Tesla to proceed with $5.5bn gigafactory; Russia’s Gazprom continues to supply Europe despite military conflicts: NRG matters
RIYADH: The political fallout between Russia and Ukraine are affecting the energy sector on a macro and micro level. Countries like Italy and Germany are setting plans as they try to mitigate dependency on Russian supplies. On the other hand, firms like Tesla are expanding amid rising competition.
Looking at the bigger picture:
·Italy’s Prime Minister Mario Draghi will meet with European Commission President Ursula von der Leyen on Monday to set a plan on how to reduce dependency on Russian gas supplies, Bloomberg reported, citing the country’s Ecological Transition Minister Roberto Cingolani.
Around 40 percent of the European country’s gas supply is imported from Russia.

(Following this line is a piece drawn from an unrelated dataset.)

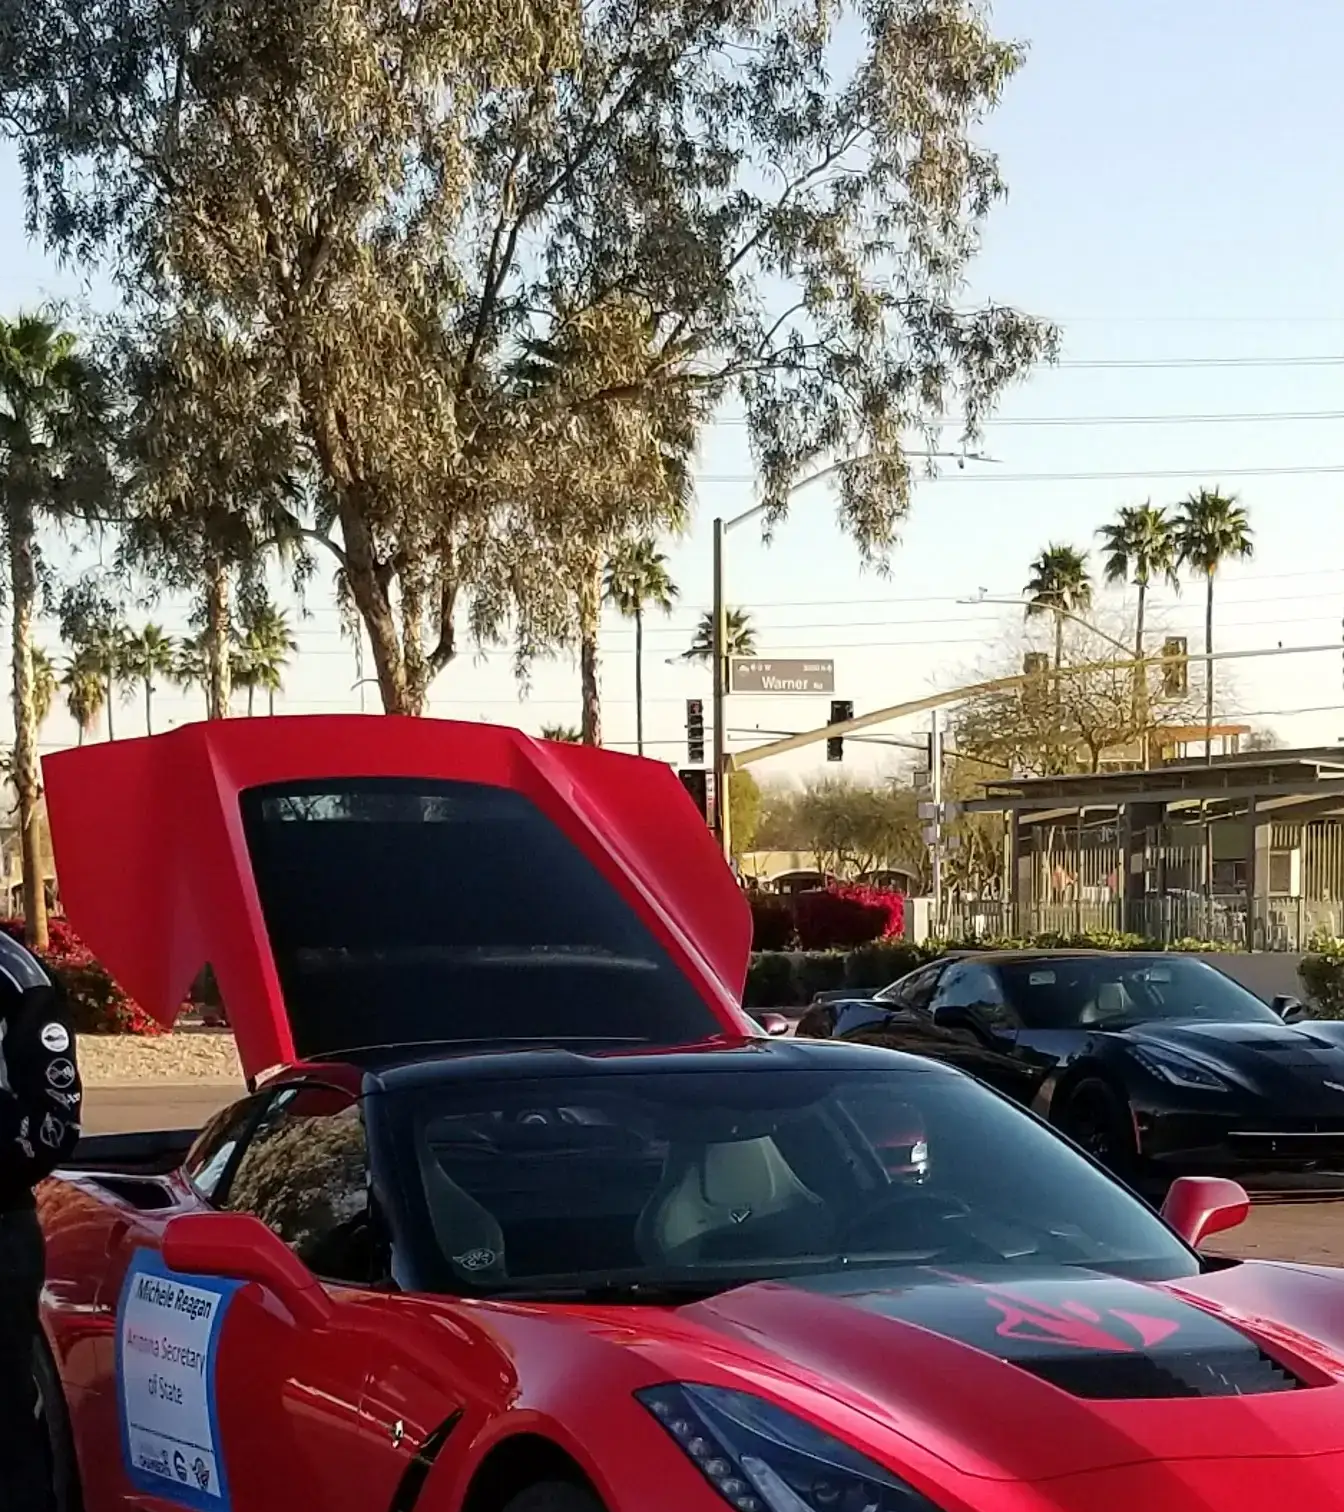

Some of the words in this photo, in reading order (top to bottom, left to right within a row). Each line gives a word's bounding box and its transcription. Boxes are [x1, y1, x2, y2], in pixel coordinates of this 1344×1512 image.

·Germany is set to build a liquified natural gas, or LNG, terminal with a capacity of eight billion cubic meters daily as it attempts to divert supply sources away from Russia, Bloomberg reported.
The LNG terminal will be built in collaboration with Dutch natural gas infrastructure and transportation company Nederlandse Gasunie NV as well as multinational energy firm RWE AG.
Through a micro lens:
·The Russian majority state owned multinational energy corporation Gazprom continues to supply an average of 109.5 cubic meters daily of natural gas to Europe through Ukraine, Reuters reported, citing Ukraine’s operator pipeline firm.
·American electric vehicle maker Tesla Inc has received conditional approval to start commercial production of its 5 billion euro ($5.5 billion) gigafactory near Berlin after months of delays, Reuters reported.
The plant falls in line with chief executive Elon Musk’s goal to lead the electric vehicle market surpassing rivals including Germany’s own Volkswagen.